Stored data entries
== Segment start ==

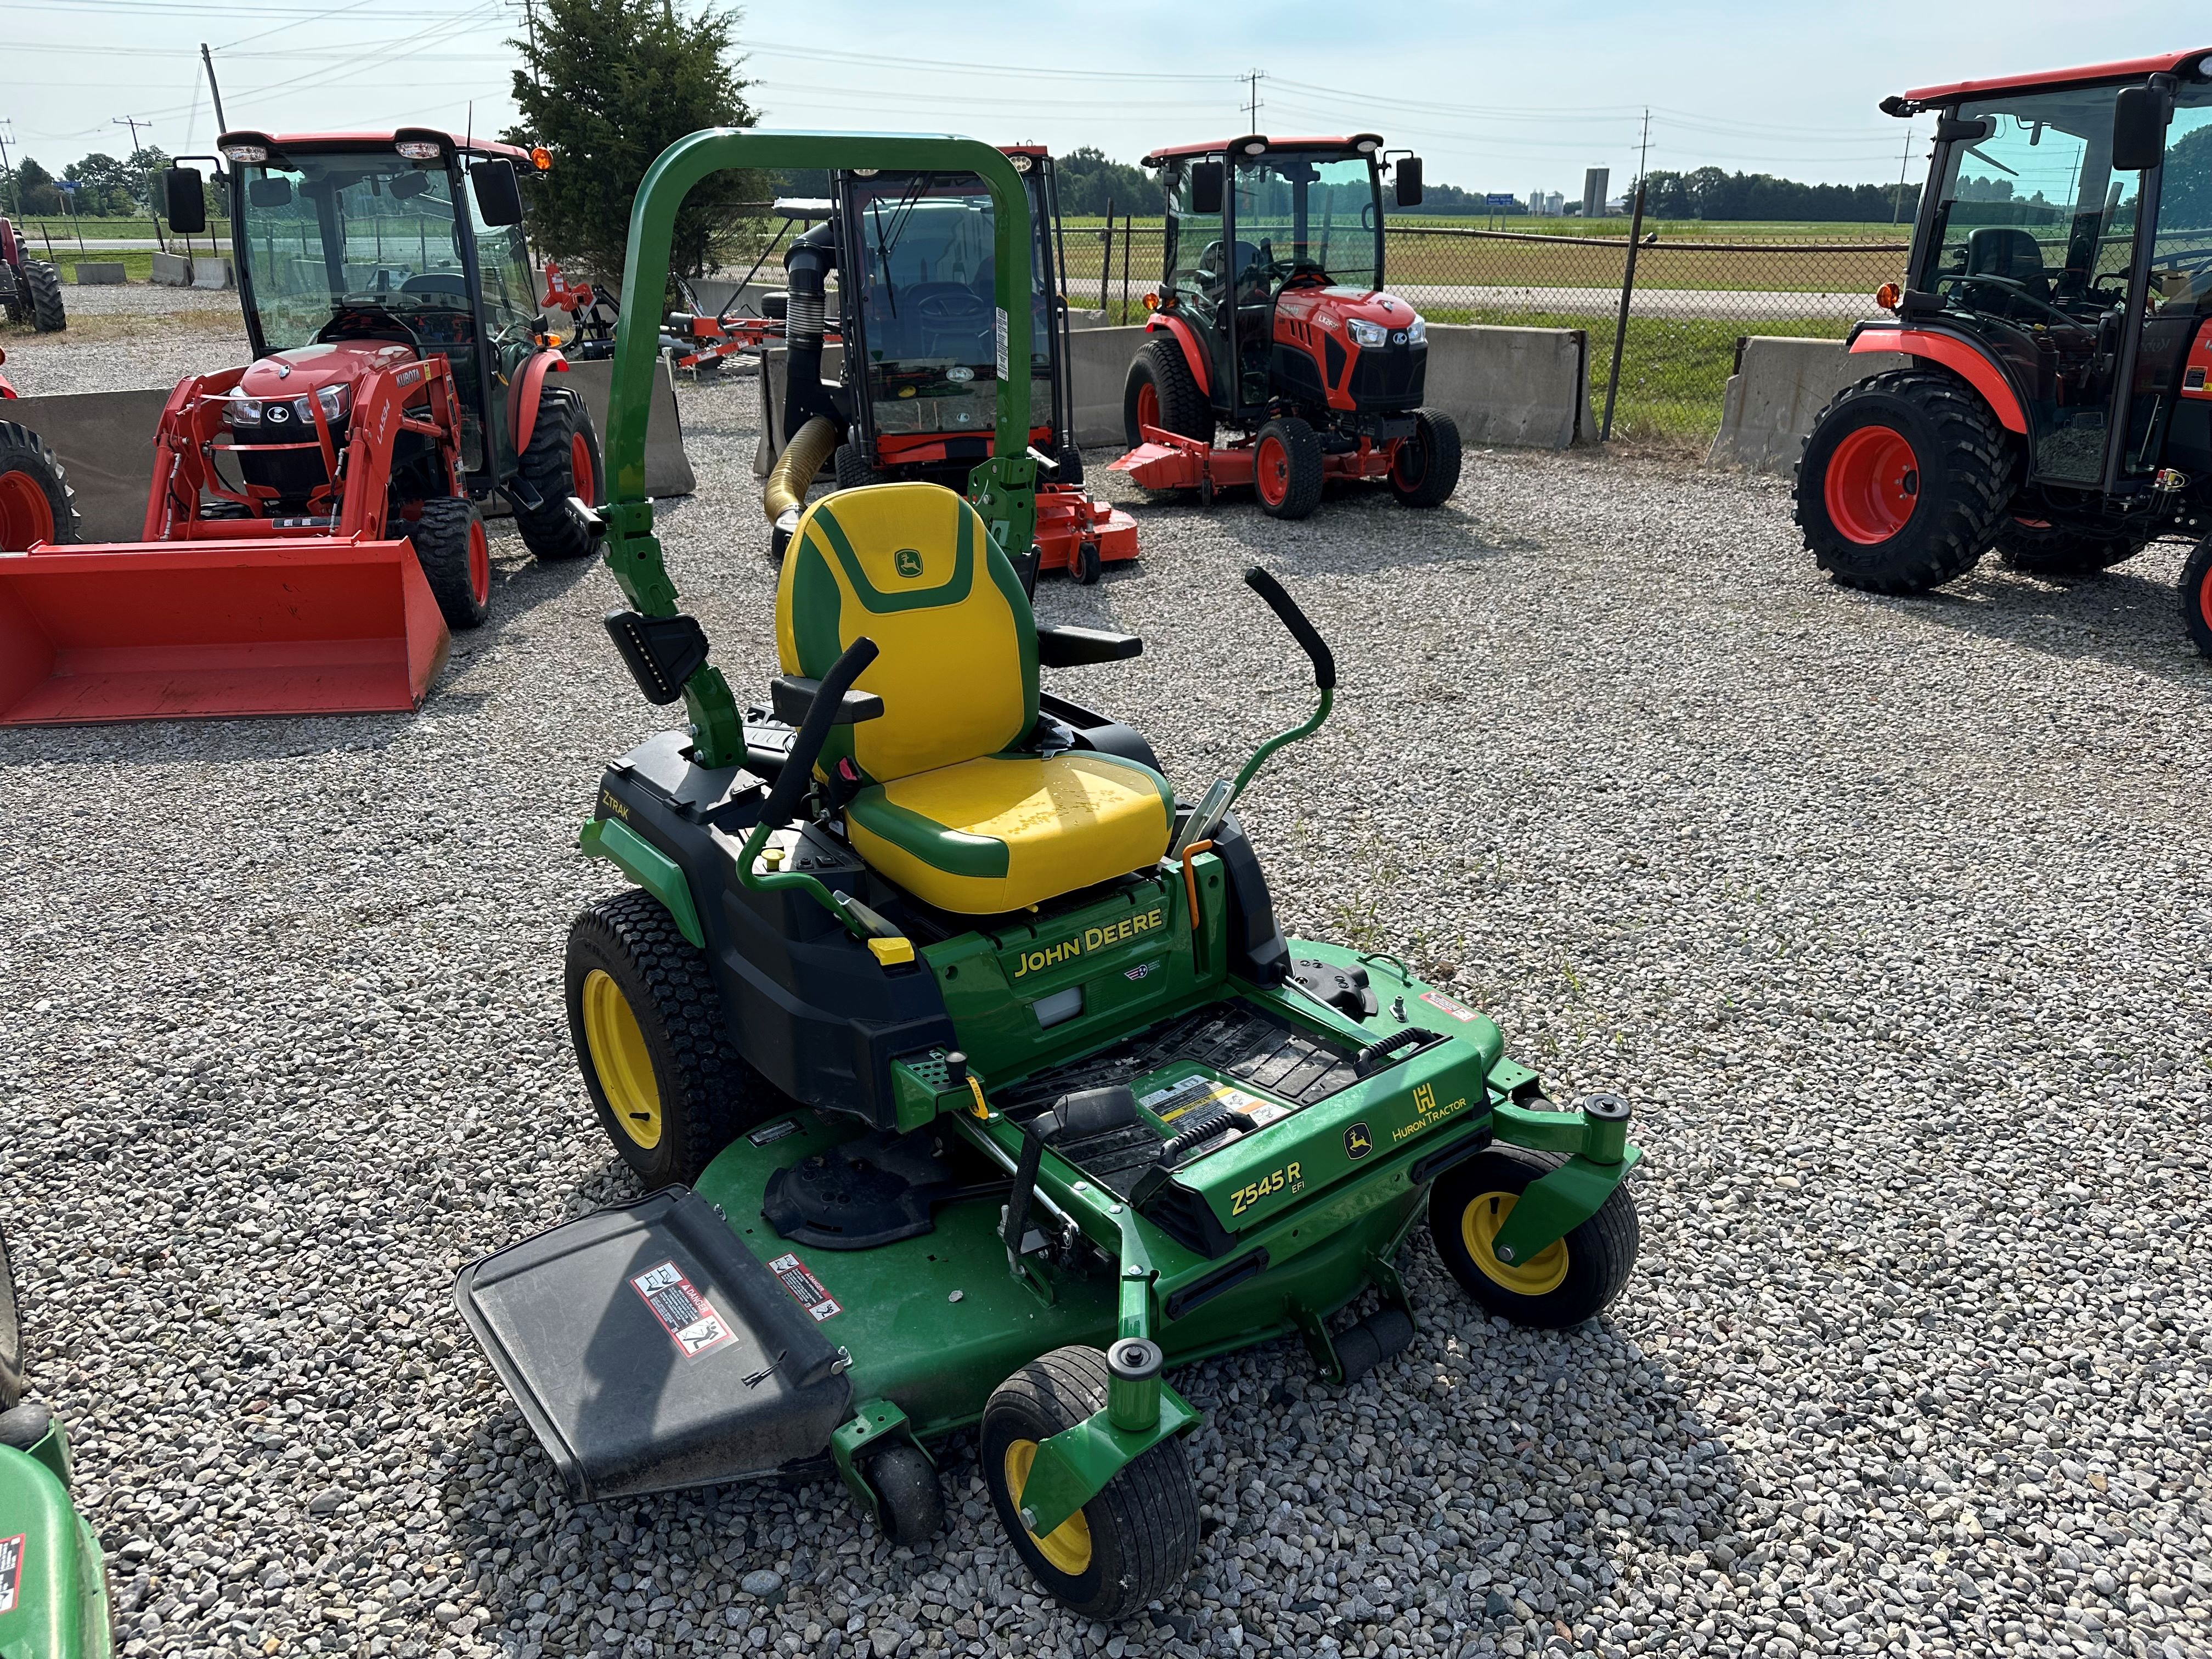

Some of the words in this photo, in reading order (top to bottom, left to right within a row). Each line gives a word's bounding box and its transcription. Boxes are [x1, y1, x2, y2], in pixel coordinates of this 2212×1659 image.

[396, 369, 421, 387] KUBOTA
[377, 398, 390, 445] LA534
[602, 789, 630, 820] ZTRAK
[1014, 937, 1081, 979] JOHN
[1084, 908, 1164, 951] DEERE
[1392, 1116, 1427, 1142] HURON
[1426, 1097, 1466, 1124] TRACTOR
[1230, 1169, 1285, 1216] Z545
[1288, 1161, 1302, 1184] R
[1291, 1180, 1305, 1194] EFI
[809, 1275, 824, 1293] DANGER
[686, 1288, 709, 1313] DANGER

== Segment end ==

Please print the data above once more, exactly as it appears, with no pictures.

--- PROBLEM SOLUTION ---
Some of the words in this photo, in reading order (top to bottom, left to right within a row). Each line gives a word's bounding box and its transcription. Boxes are [x1, y1, x2, y2], in pixel coordinates of this 2212×1659 image.

[396, 369, 421, 387] KUBOTA
[377, 398, 390, 445] LA534
[602, 789, 630, 820] ZTRAK
[1014, 937, 1081, 979] JOHN
[1084, 908, 1164, 951] DEERE
[1392, 1116, 1427, 1142] HURON
[1426, 1097, 1466, 1124] TRACTOR
[1230, 1169, 1285, 1216] Z545
[1288, 1161, 1302, 1184] R
[1291, 1180, 1305, 1194] EFI
[809, 1275, 824, 1293] DANGER
[686, 1288, 709, 1313] DANGER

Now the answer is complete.